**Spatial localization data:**

########

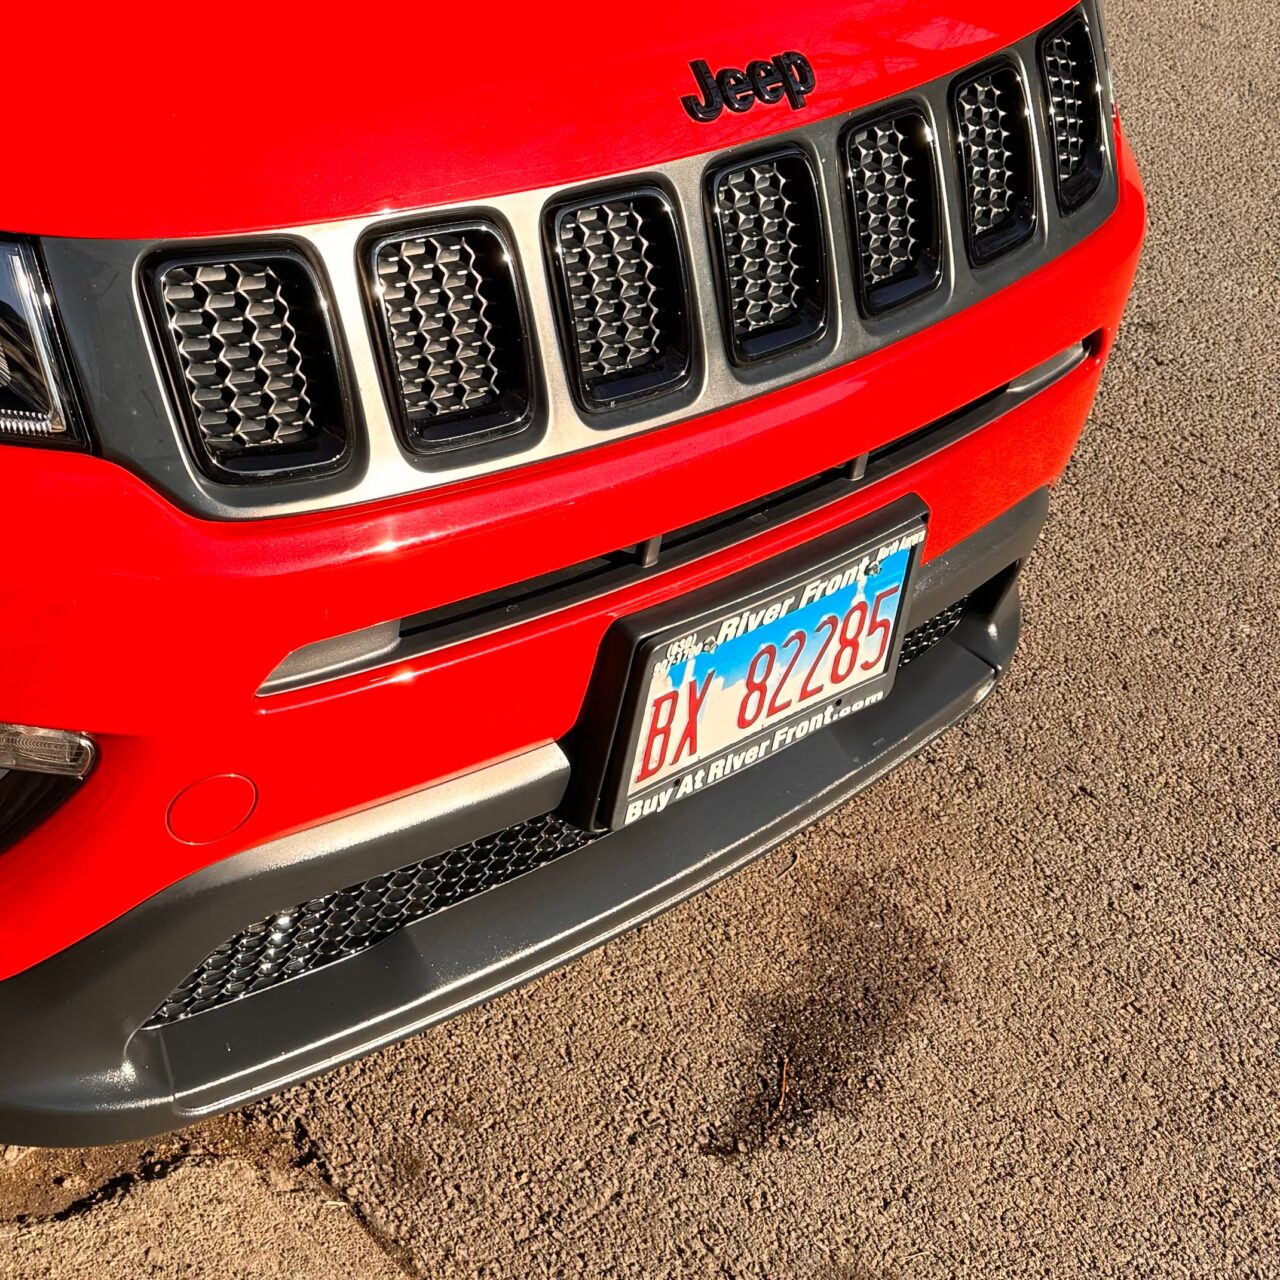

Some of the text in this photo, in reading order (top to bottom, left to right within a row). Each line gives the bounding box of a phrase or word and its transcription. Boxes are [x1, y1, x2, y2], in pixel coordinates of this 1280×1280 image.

[680, 51, 816, 123] Jeep
[716, 556, 870, 646] River Front
[635, 585, 900, 783] BX 82285
[624, 690, 885, 826] Buy At River Front.com
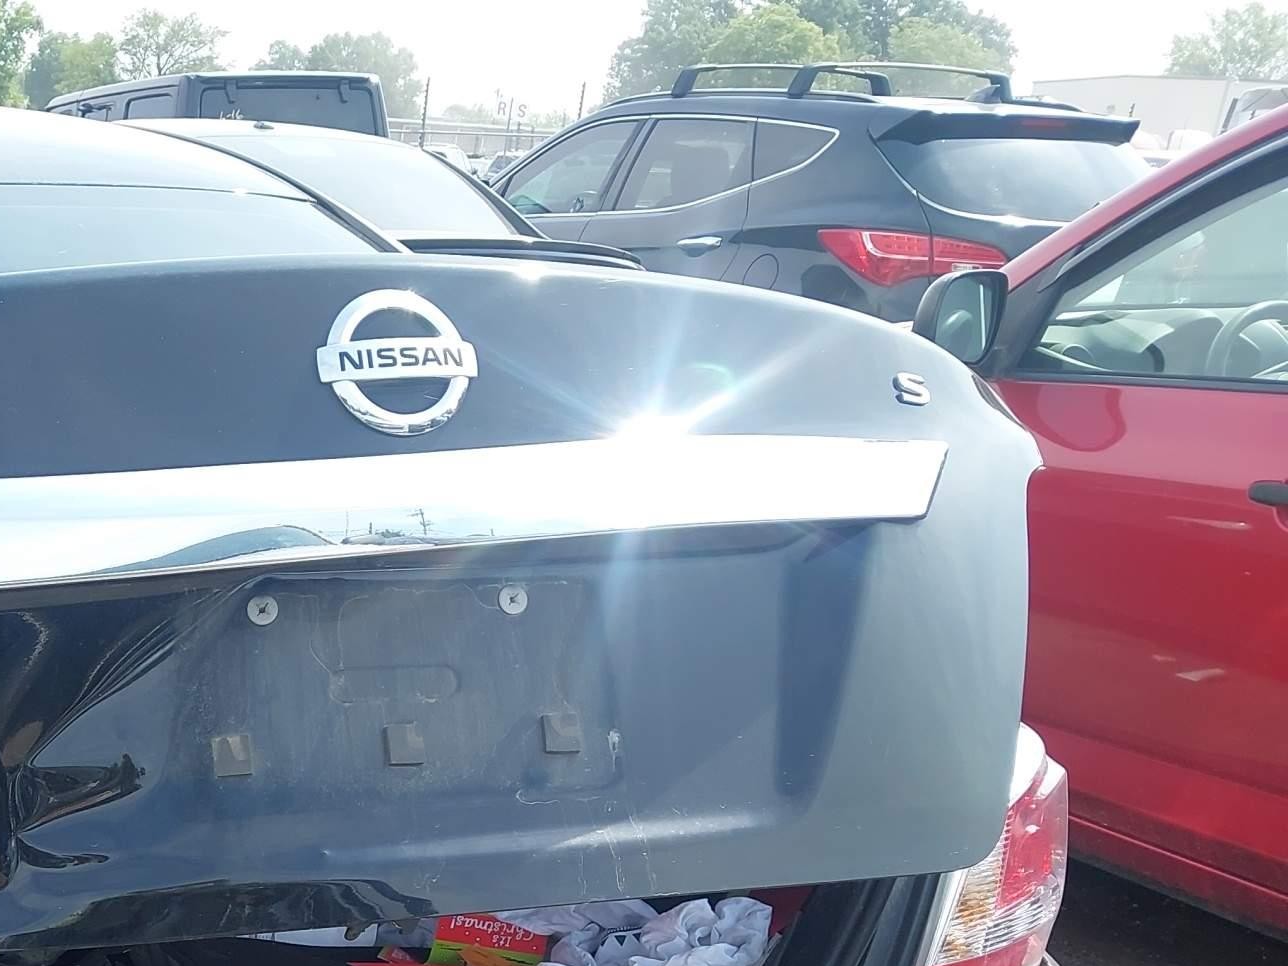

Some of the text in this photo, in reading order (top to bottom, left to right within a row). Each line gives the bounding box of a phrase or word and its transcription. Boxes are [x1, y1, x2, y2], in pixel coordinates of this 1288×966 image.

[497, 101, 528, 119] R S
[338, 346, 465, 372] NISSAN
[892, 370, 931, 407] S
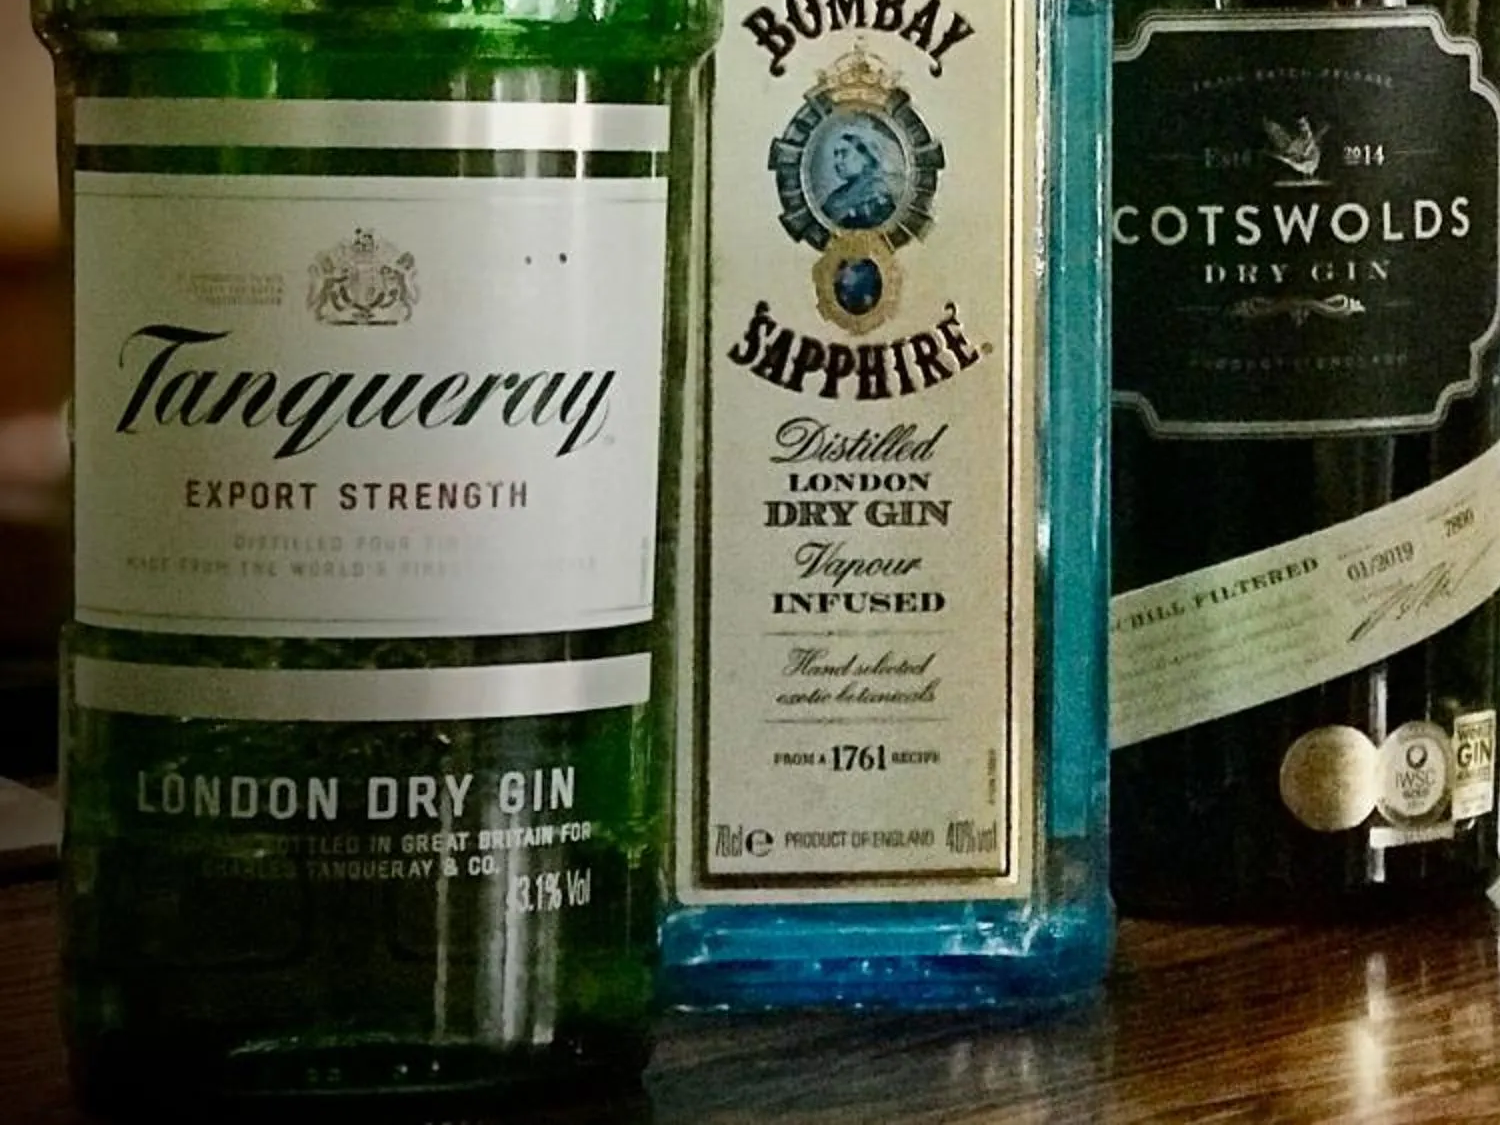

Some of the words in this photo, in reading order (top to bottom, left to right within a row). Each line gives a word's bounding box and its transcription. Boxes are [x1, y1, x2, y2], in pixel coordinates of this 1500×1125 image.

[1343, 143, 1386, 167] 2014
[1112, 195, 1472, 248] COTSWOLDS
[1204, 263, 1290, 285] DRY
[1310, 258, 1392, 282] GIN
[727, 300, 982, 401] SAPPHIRE
[116, 324, 617, 460] Tanqueray
[769, 415, 949, 465] Distilled
[186, 479, 318, 511] EXPORT
[339, 479, 528, 510] STRENGTH
[788, 472, 932, 493] LONDON
[763, 500, 857, 528] DRY
[865, 499, 953, 527] GIN
[795, 541, 923, 588] Vapour
[1191, 556, 1320, 609] FILTERED
[772, 591, 946, 615] INFUSED
[783, 647, 860, 677] Hand
[773, 751, 815, 766] FROM
[817, 754, 827, 765] A
[830, 743, 887, 772] 1761
[890, 751, 941, 765] RECIPE
[1457, 739, 1493, 768] GIN
[137, 770, 339, 821] LONDON
[367, 774, 475, 821] DRY
[500, 766, 576, 815] GIN
[369, 833, 391, 854] IN
[400, 831, 470, 854] GREAT
[478, 824, 554, 852] BRITAIN
[559, 820, 593, 844] FOR
[784, 830, 847, 849] PRODUCT
[850, 831, 869, 848] OF
[871, 828, 936, 848] ENGLAND
[306, 857, 433, 881] TANQUERAY
[442, 856, 459, 876] &
[467, 854, 501, 876] CO.
[566, 867, 592, 908] Vol

########

**Your task:** Make an exact copy of the records above, with the pictures left out.

**Response to this task:**
Some of the text in this photo, in reading order (top to bottom, left to right within a row). Each line gives the bounding box of a phrase or word and its transcription. Boxes are [x1, y1, x2, y2], in pixel coordinates of this 1280×1280 image.

[680, 51, 816, 123] Jeep
[716, 556, 870, 646] River Front
[635, 585, 900, 783] BX 82285
[624, 690, 885, 826] Buy At River Front.com

Some of the text in this photo, in reading order (top to bottom, left to right within a row). Each line gives the bounding box of a phrase or word and its transcription. Boxes are [x1, y1, x2, y2], in pixel coordinates of this 1288×966 image.

[497, 101, 528, 119] R S
[338, 346, 465, 372] NISSAN
[892, 370, 931, 407] S

Some of the words in this photo, in reading order (top to bottom, left to right within a row). Each line gives a word's bounding box and its transcription. Boxes are [x1, y1, x2, y2], in pixel coordinates of this 1500×1125 image.

[1343, 143, 1386, 167] 2014
[1112, 195, 1472, 248] COTSWOLDS
[1204, 263, 1290, 285] DRY
[1310, 258, 1392, 282] GIN
[727, 300, 982, 401] SAPPHIRE
[116, 324, 617, 460] Tanqueray
[769, 415, 949, 465] Distilled
[186, 479, 318, 511] EXPORT
[339, 479, 528, 510] STRENGTH
[788, 472, 932, 493] LONDON
[763, 500, 857, 528] DRY
[865, 499, 953, 527] GIN
[795, 541, 923, 588] Vapour
[1191, 556, 1320, 609] FILTERED
[772, 591, 946, 615] INFUSED
[783, 647, 860, 677] Hand
[773, 751, 815, 766] FROM
[817, 754, 827, 765] A
[830, 743, 887, 772] 1761
[890, 751, 941, 765] RECIPE
[1457, 739, 1493, 768] GIN
[137, 770, 339, 821] LONDON
[367, 774, 475, 821] DRY
[500, 766, 576, 815] GIN
[369, 833, 391, 854] IN
[400, 831, 470, 854] GREAT
[478, 824, 554, 852] BRITAIN
[559, 820, 593, 844] FOR
[784, 830, 847, 849] PRODUCT
[850, 831, 869, 848] OF
[871, 828, 936, 848] ENGLAND
[306, 857, 433, 881] TANQUERAY
[442, 856, 459, 876] &
[467, 854, 501, 876] CO.
[566, 867, 592, 908] Vol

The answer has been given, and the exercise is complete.